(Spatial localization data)

* * * * * * * * *

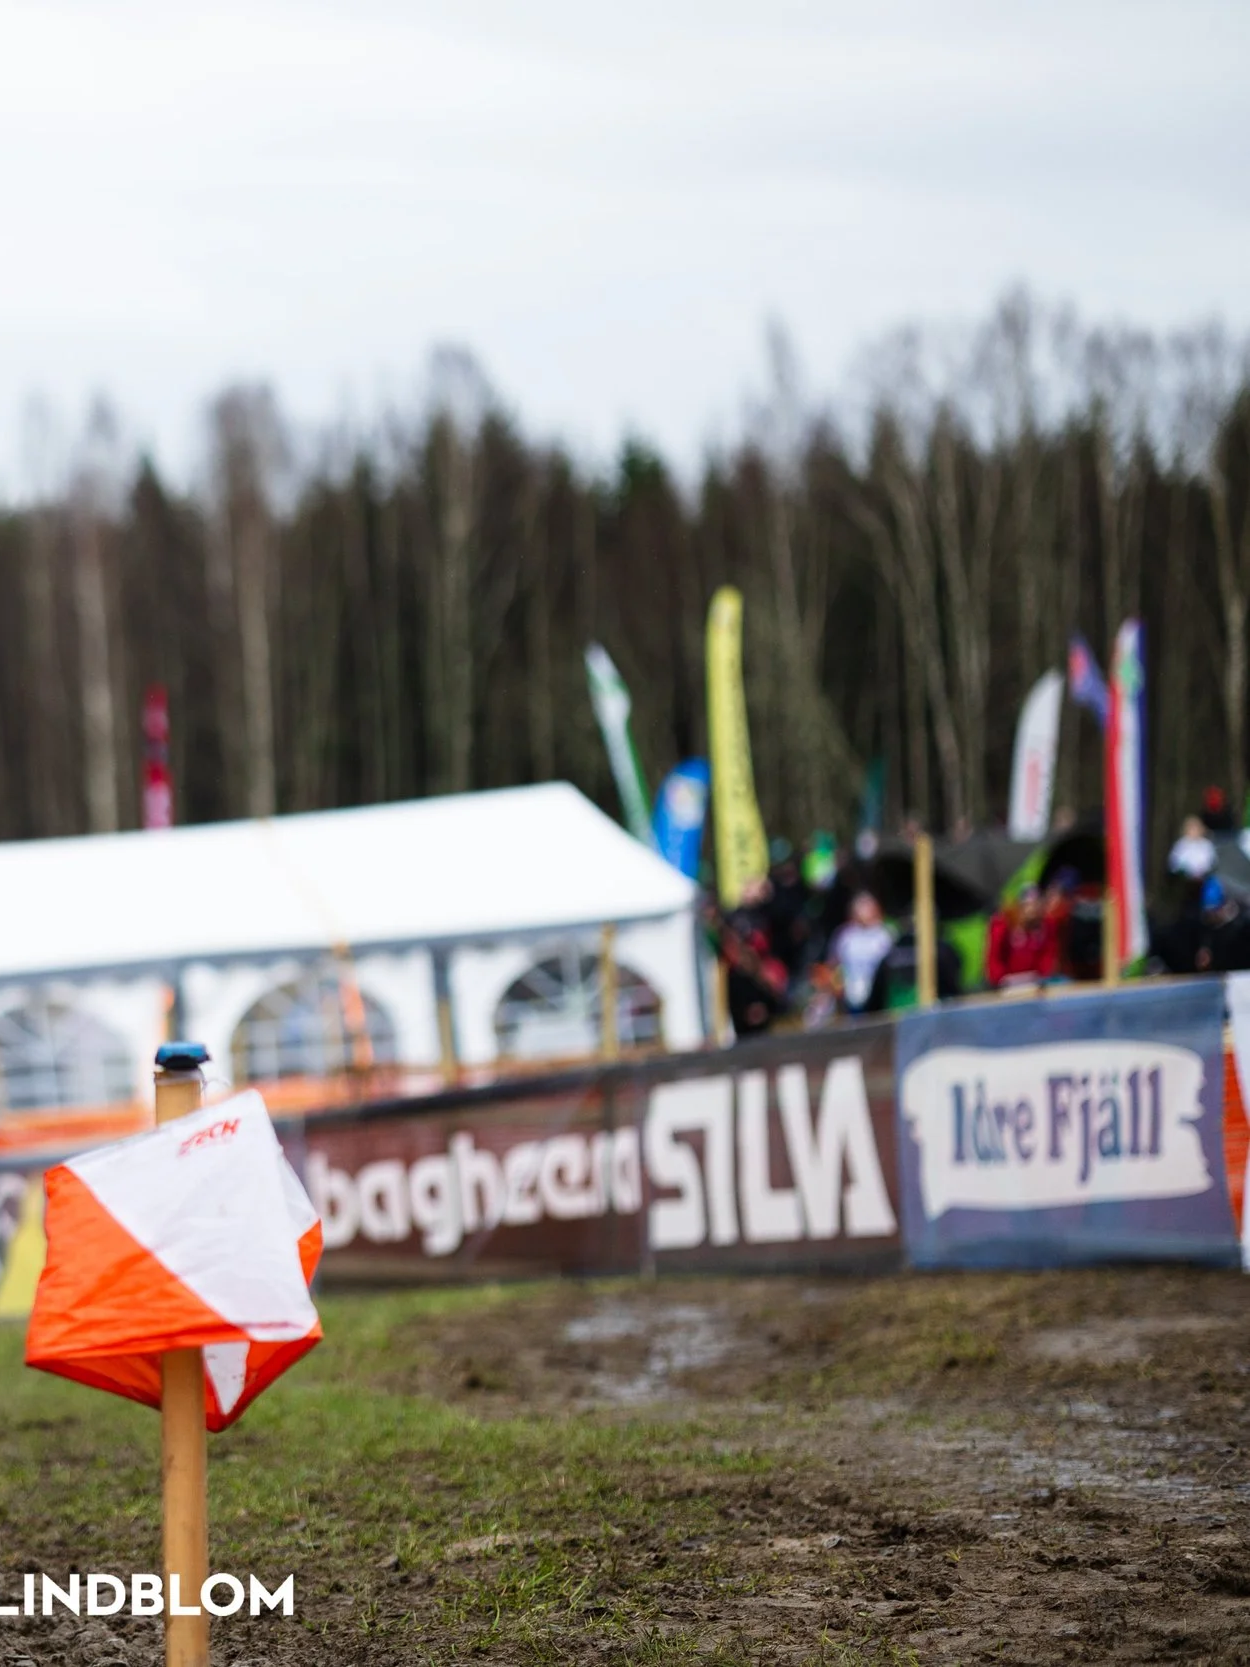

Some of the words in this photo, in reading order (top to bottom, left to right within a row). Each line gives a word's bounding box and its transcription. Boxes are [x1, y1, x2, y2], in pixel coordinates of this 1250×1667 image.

[309, 1125, 641, 1257] bagheera
[646, 1057, 899, 1251] SILVA
[949, 1078, 1034, 1168] Idre
[1047, 1066, 1163, 1185] Fjäll
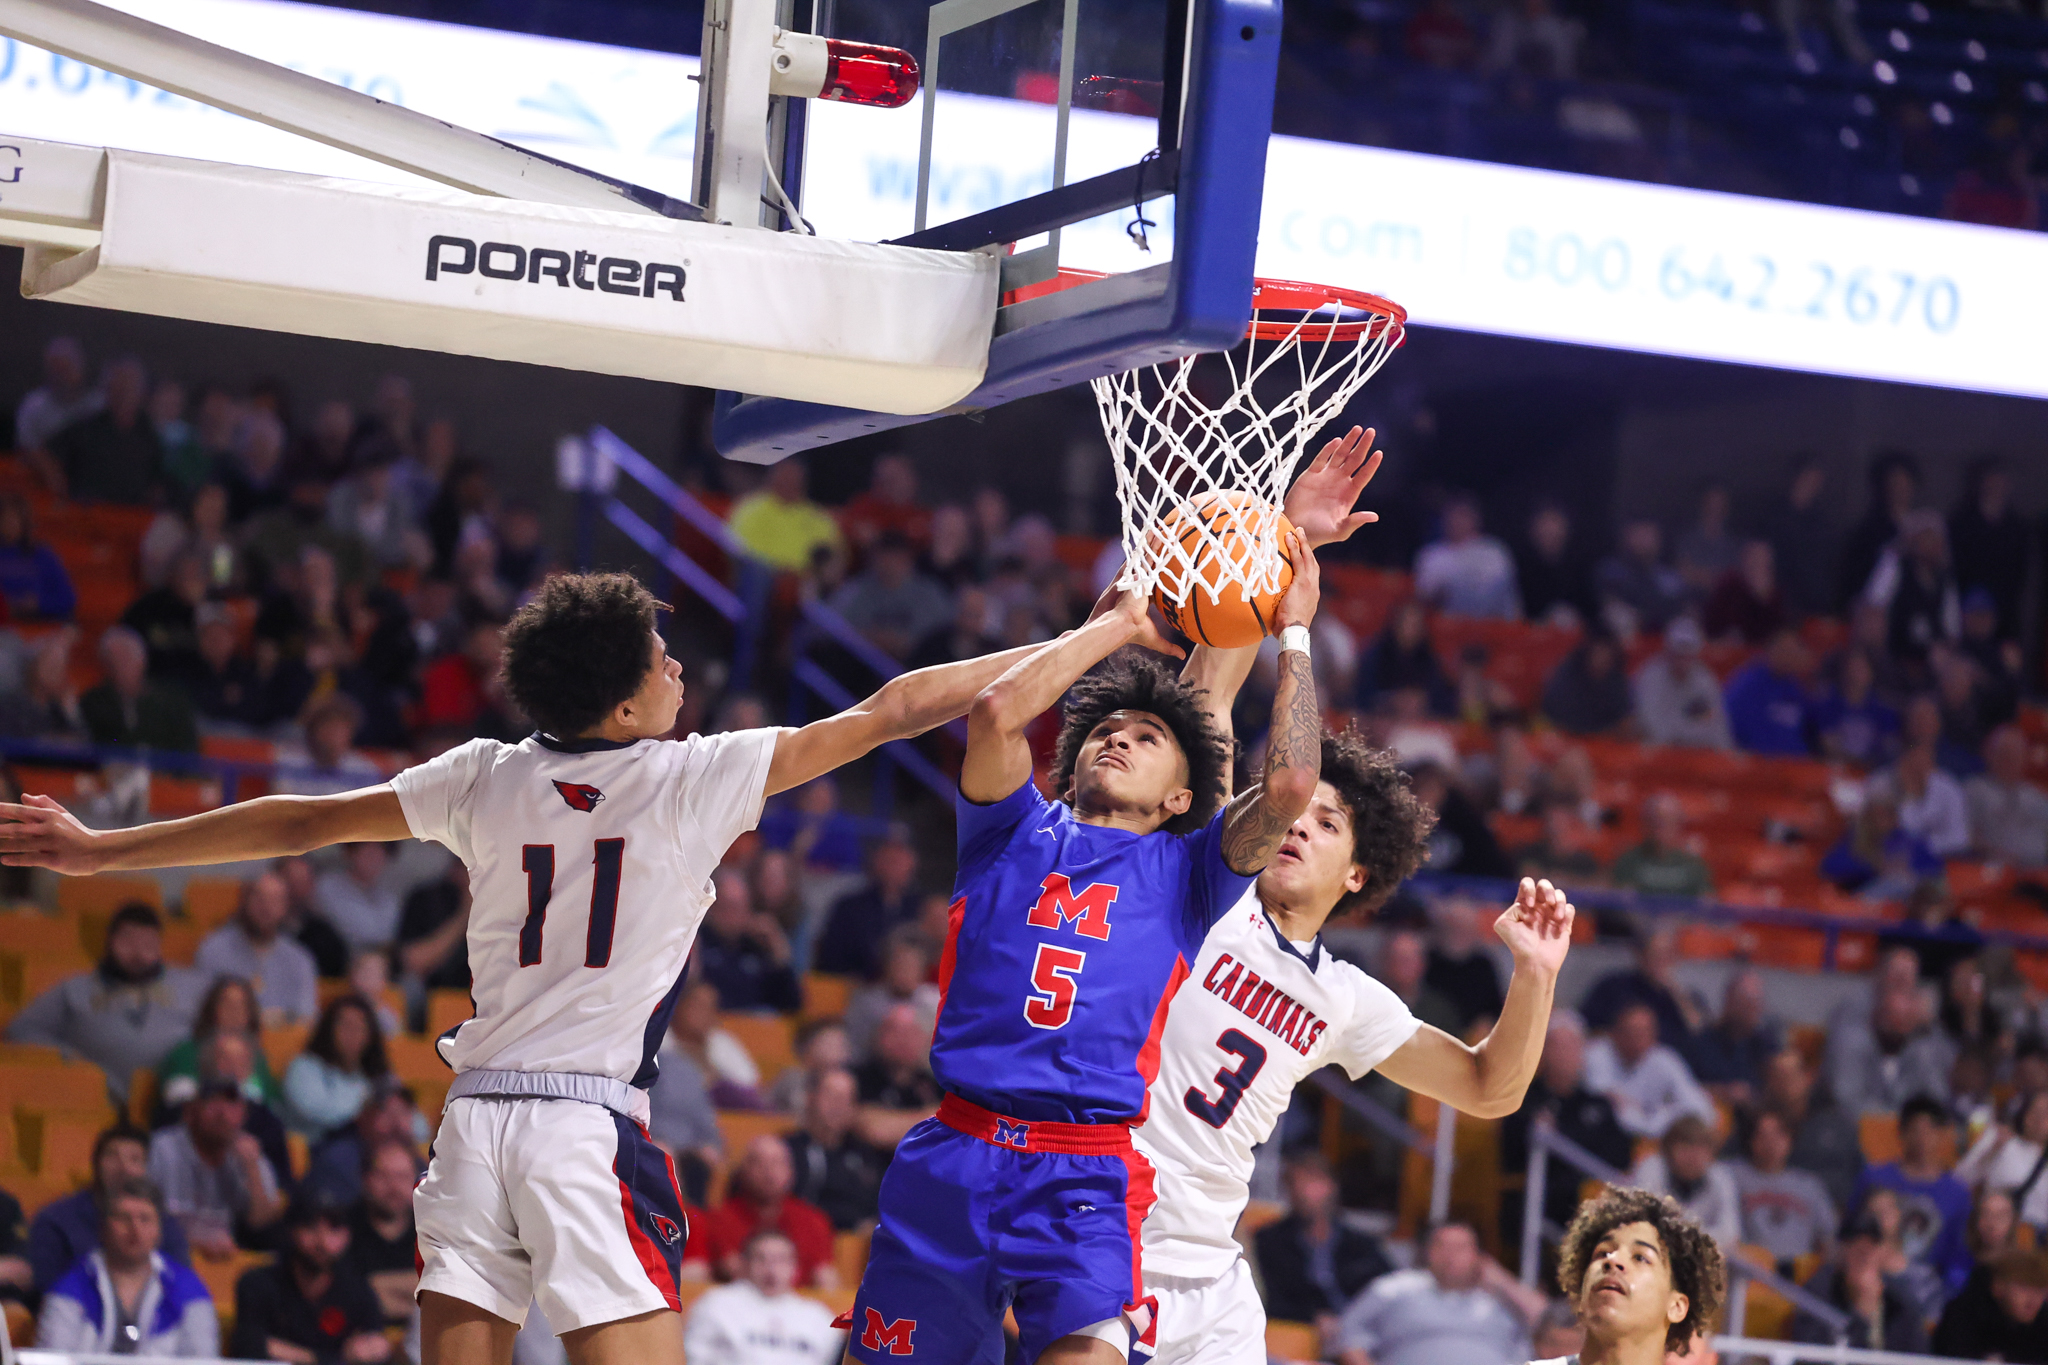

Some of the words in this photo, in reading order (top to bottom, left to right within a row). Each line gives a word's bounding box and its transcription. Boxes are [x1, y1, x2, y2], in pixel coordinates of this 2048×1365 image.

[519, 837, 625, 968] 11
[1026, 872, 1120, 941] M
[1023, 942, 1086, 1030] 5
[1203, 953, 1328, 1056] CARDINALS
[1184, 1028, 1267, 1129] 3
[993, 1117, 1030, 1147] M
[861, 1306, 917, 1355] M
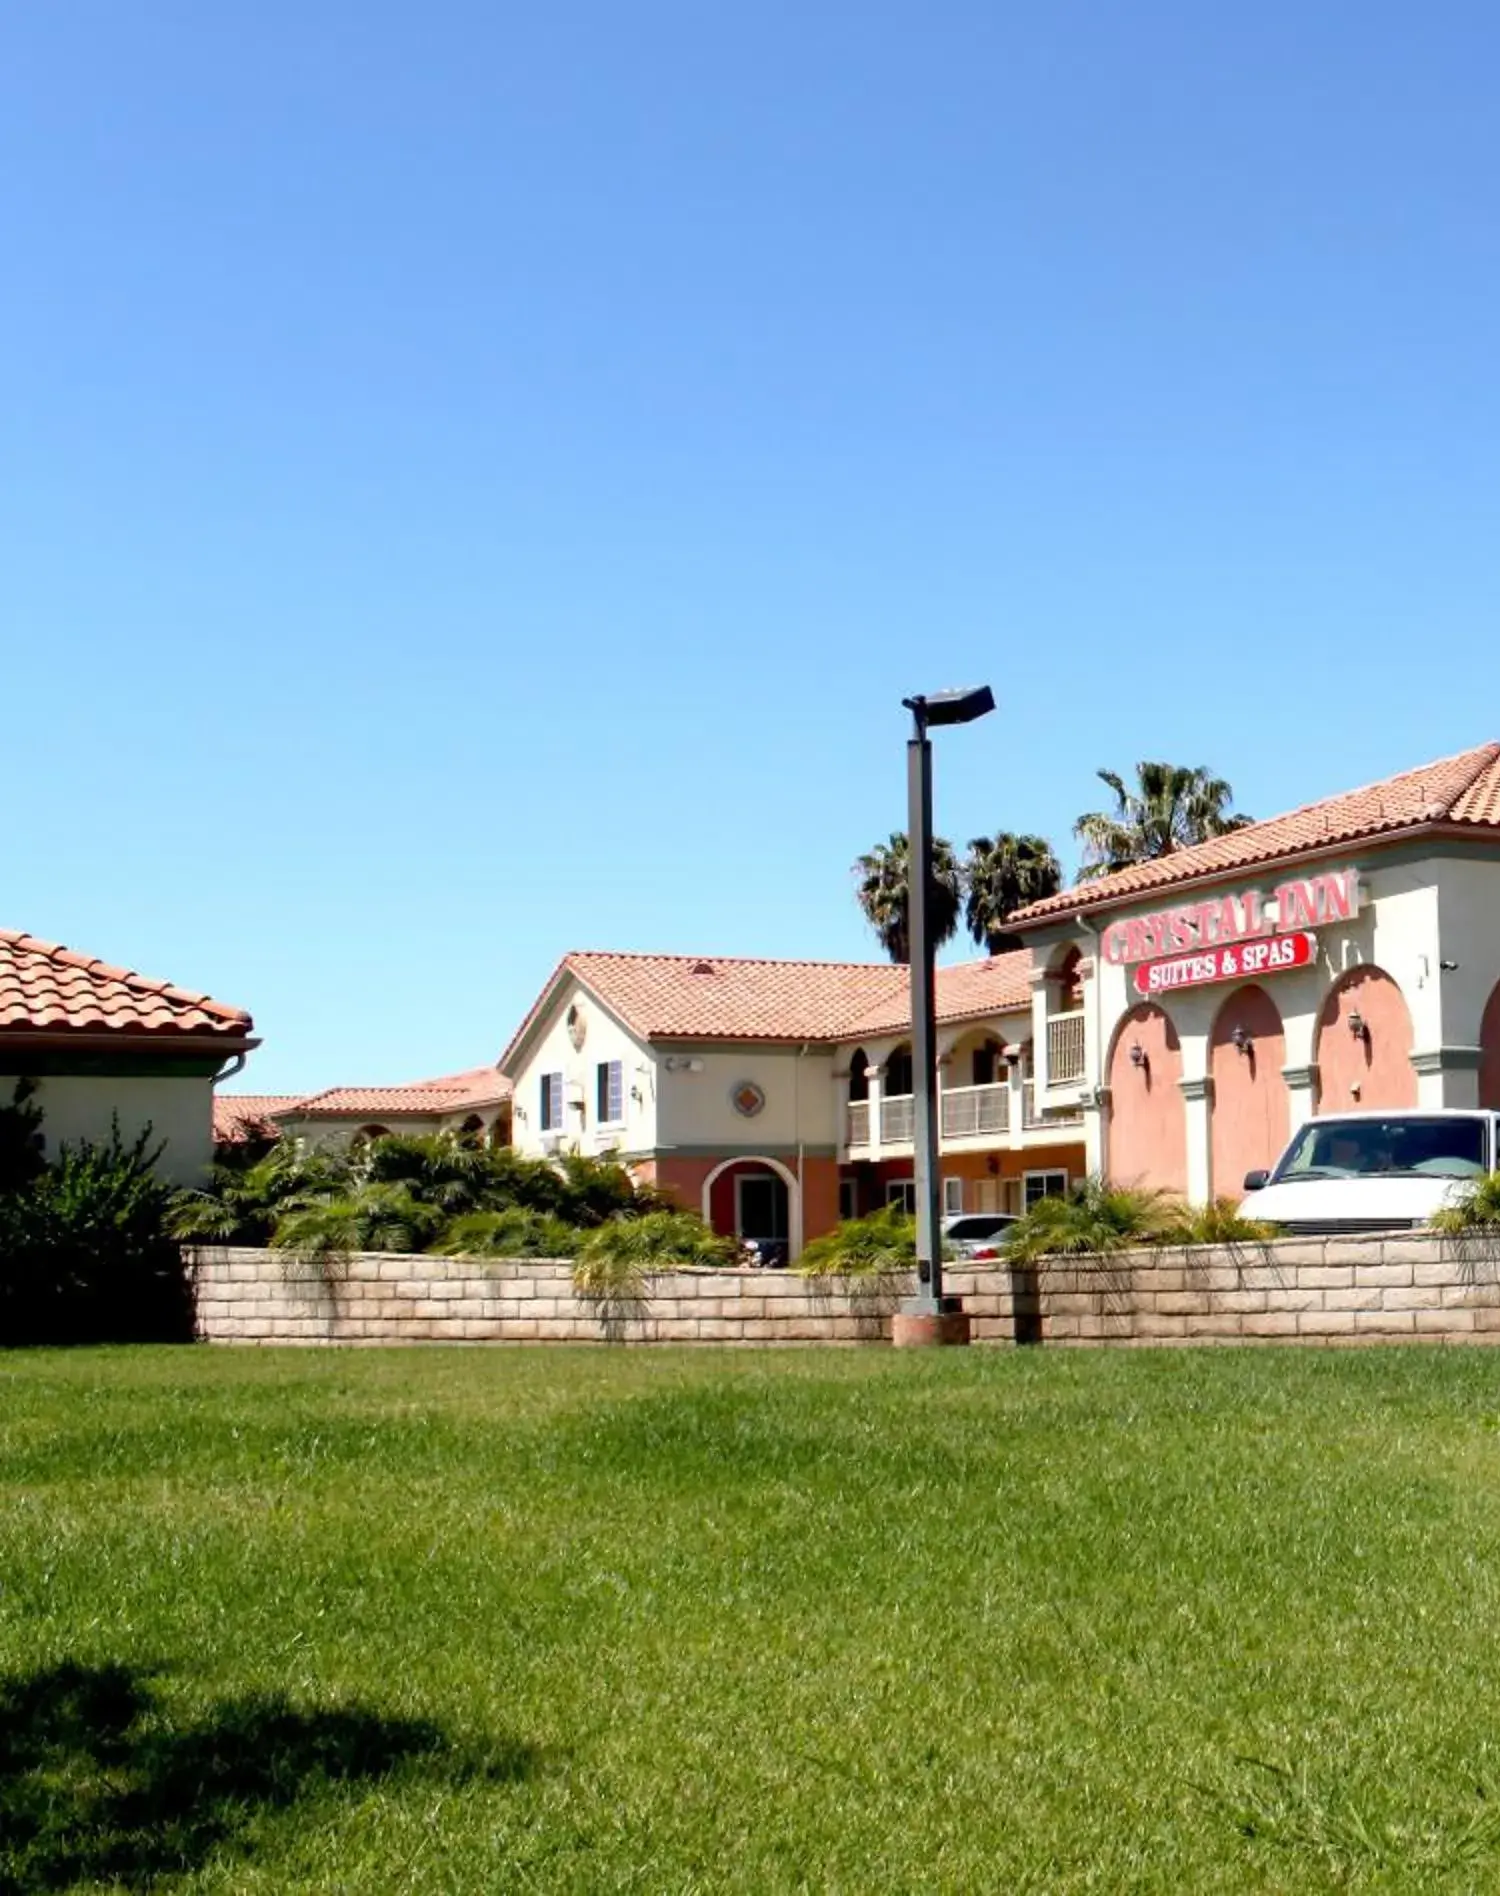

* * * * * * * * *

* [Exercise aim]
Reproduce the data verbatim and omit each image.

* [Result]
Some of the words in this photo, in reading order (top to bottom, left to right within a row). Each line gives a word's bounding box and its transcription. Boxes are [x1, y1, x2, y2], in pixel coordinates of this 1250×1667 image.

[309, 1125, 641, 1257] bagheera
[646, 1057, 899, 1251] SILVA
[949, 1078, 1034, 1168] Idre
[1047, 1066, 1163, 1185] Fjäll

Some of the words in this photo, in reading order (top to bottom, left to right within a row). Each line gives a word's bounding box and its transcription. Boxes are [x1, y1, x2, y2], in pixel coordinates of this 2048×1365 image.

[519, 837, 625, 968] 11
[1026, 872, 1120, 941] M
[1023, 942, 1086, 1030] 5
[1203, 953, 1328, 1056] CARDINALS
[1184, 1028, 1267, 1129] 3
[993, 1117, 1030, 1147] M
[861, 1306, 917, 1355] M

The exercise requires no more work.